━━━━━ INPUT DATA
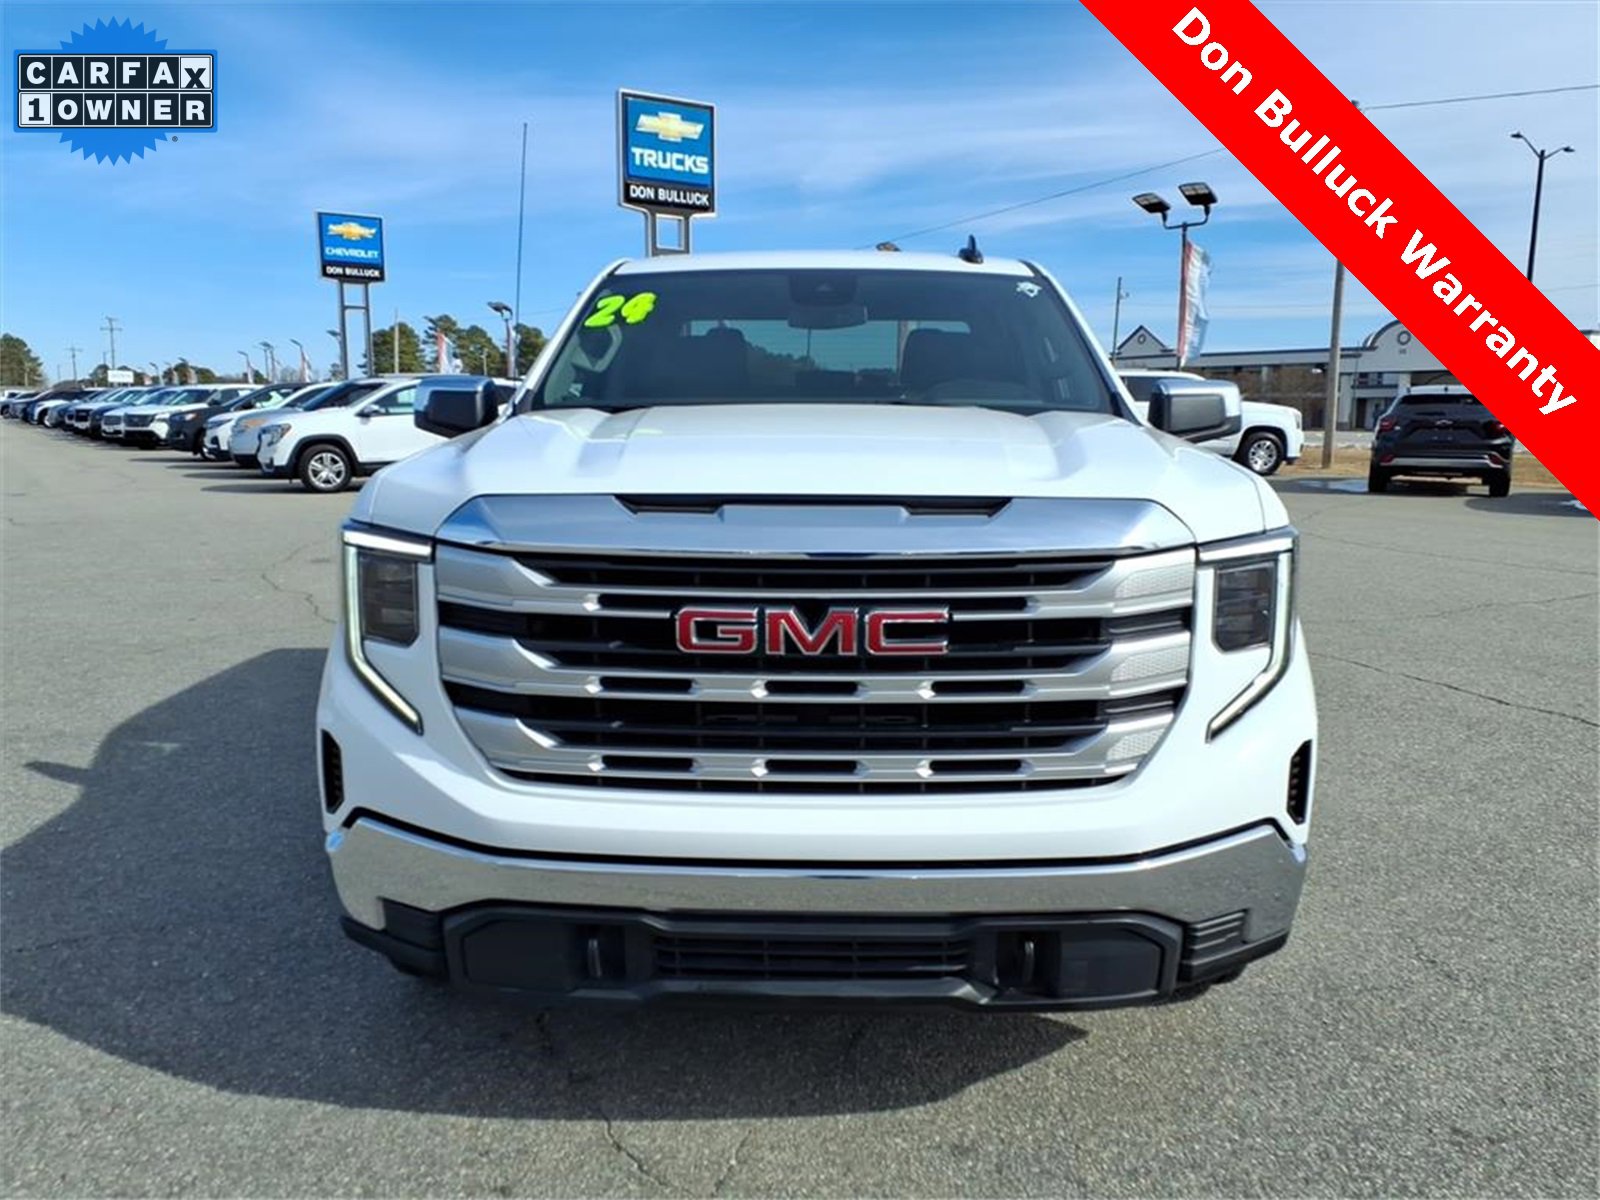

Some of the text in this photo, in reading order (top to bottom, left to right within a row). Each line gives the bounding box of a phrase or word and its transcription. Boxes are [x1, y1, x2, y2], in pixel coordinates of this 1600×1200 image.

[630, 146, 709, 175] TRUCKS
[629, 184, 710, 206] DON BULLUCK
[325, 246, 379, 259] CHEVROLET
[326, 265, 343, 275] DON
[584, 291, 657, 328] 24
[675, 606, 950, 656] GMC
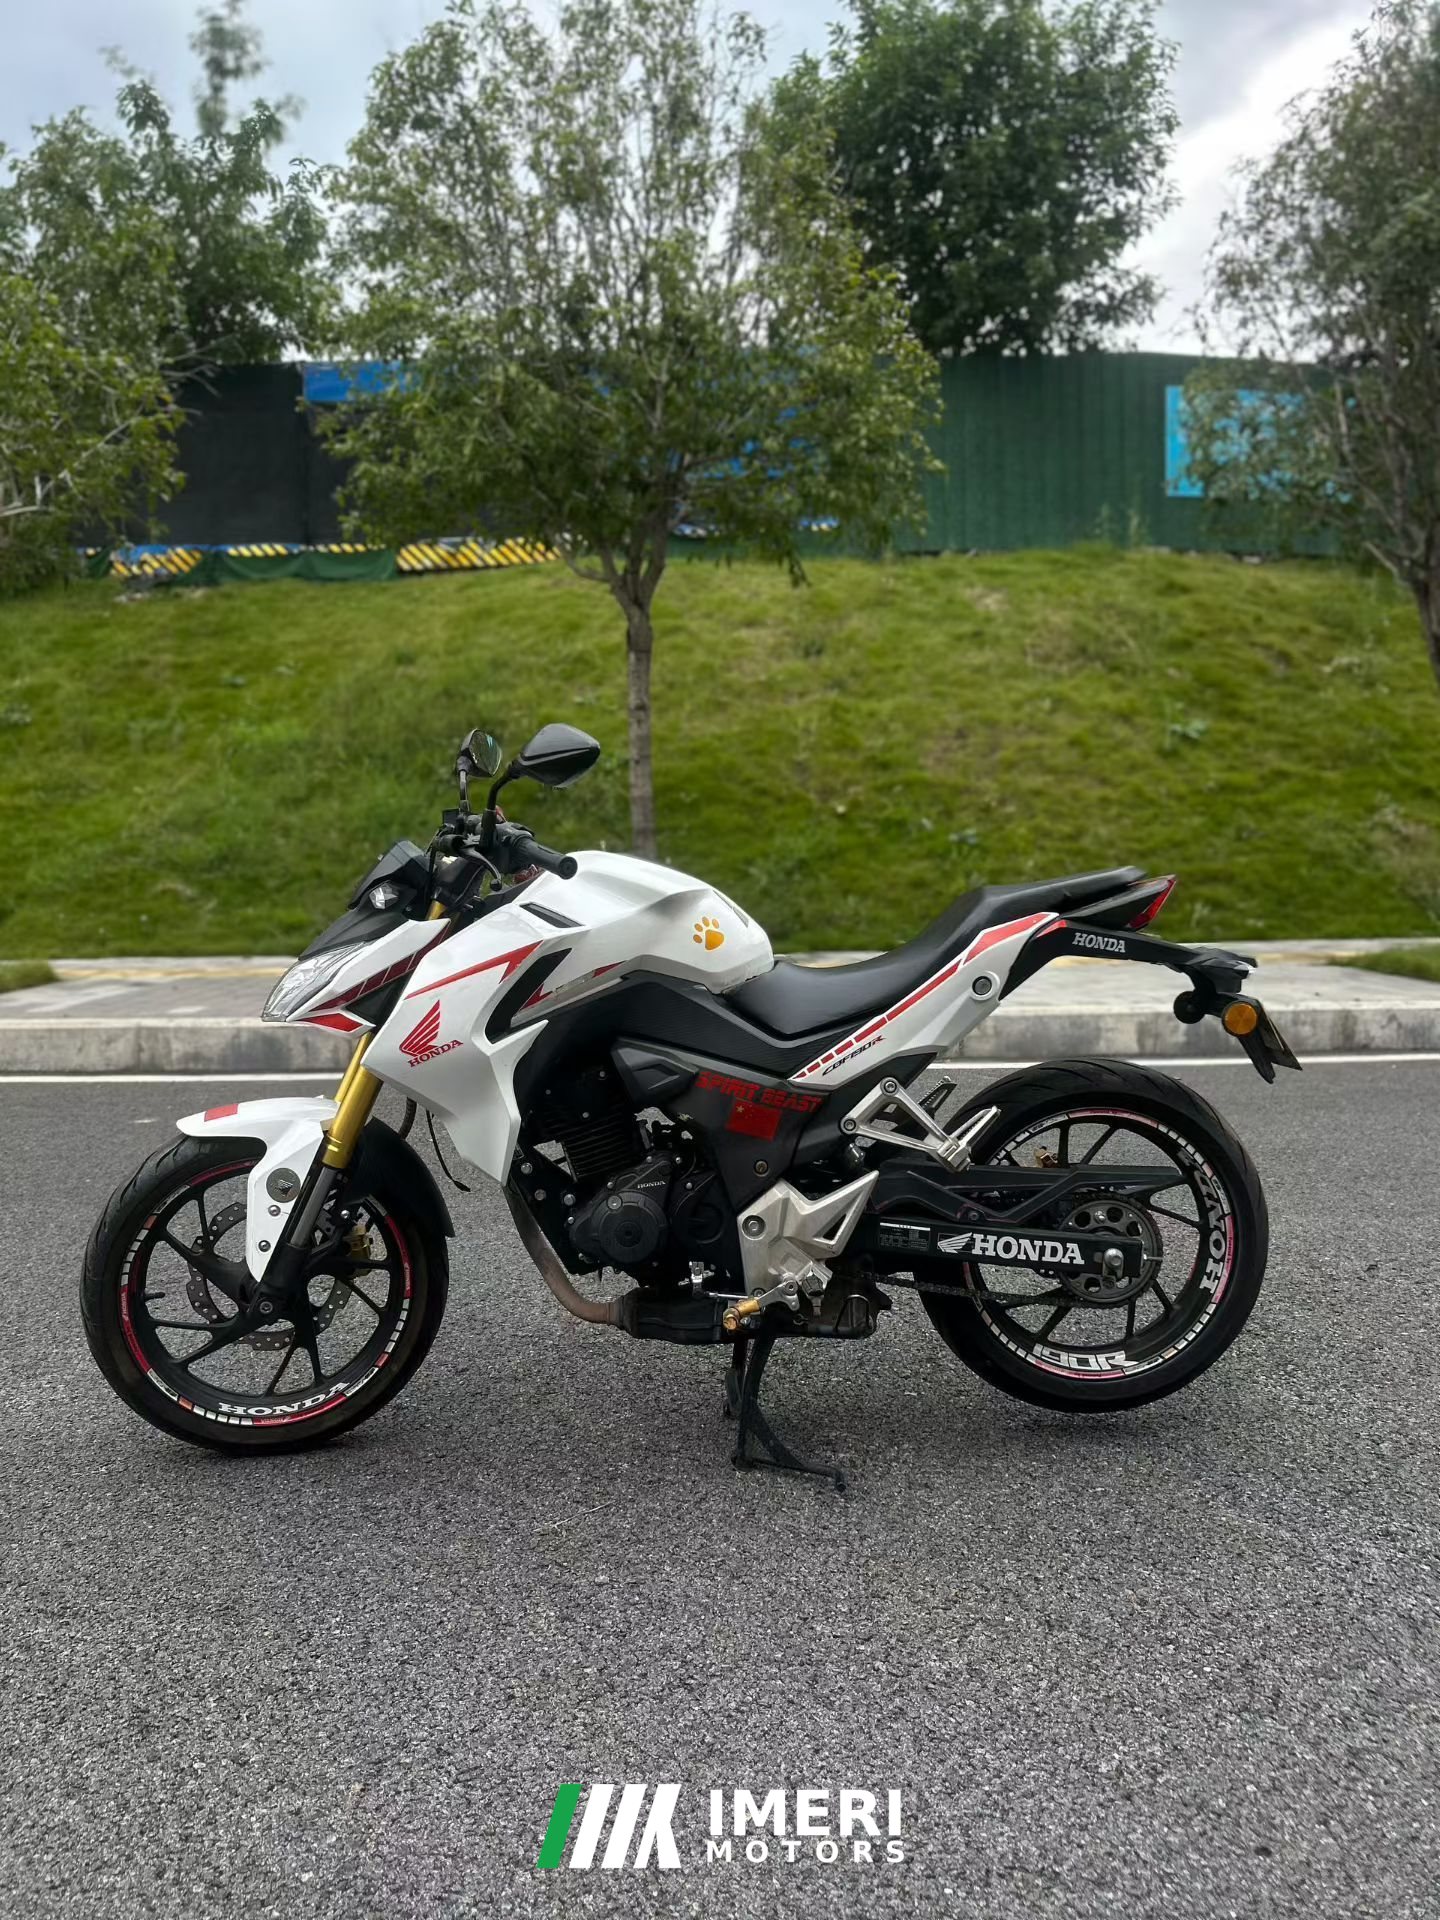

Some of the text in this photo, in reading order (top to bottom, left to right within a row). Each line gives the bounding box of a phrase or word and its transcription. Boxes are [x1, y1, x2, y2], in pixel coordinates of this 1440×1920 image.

[1072, 932, 1126, 953] HONDA
[408, 1040, 463, 1067] HONDA
[696, 1071, 822, 1113] SPIRIT BEAST
[637, 1180, 667, 1189] HONDA
[972, 1233, 1085, 1265] HONDA
[218, 1382, 350, 1415] HONDA
━━━━━━━━━━
(WORK INSTRUCTION) Take the line that holds "this 1440×1920 image." as the first and the last line of the material as the final one. Print that span exactly, both ends included.

(RESULT OF THE TASK)
Some of the text in this photo, in reading order (top to bottom, left to right within a row). Each line gives the bounding box of a phrase or word and its transcription. Boxes are [x1, y1, x2, y2], in pixel coordinates of this 1440×1920 image.

[1072, 932, 1126, 953] HONDA
[408, 1040, 463, 1067] HONDA
[696, 1071, 822, 1113] SPIRIT BEAST
[637, 1180, 667, 1189] HONDA
[972, 1233, 1085, 1265] HONDA
[218, 1382, 350, 1415] HONDA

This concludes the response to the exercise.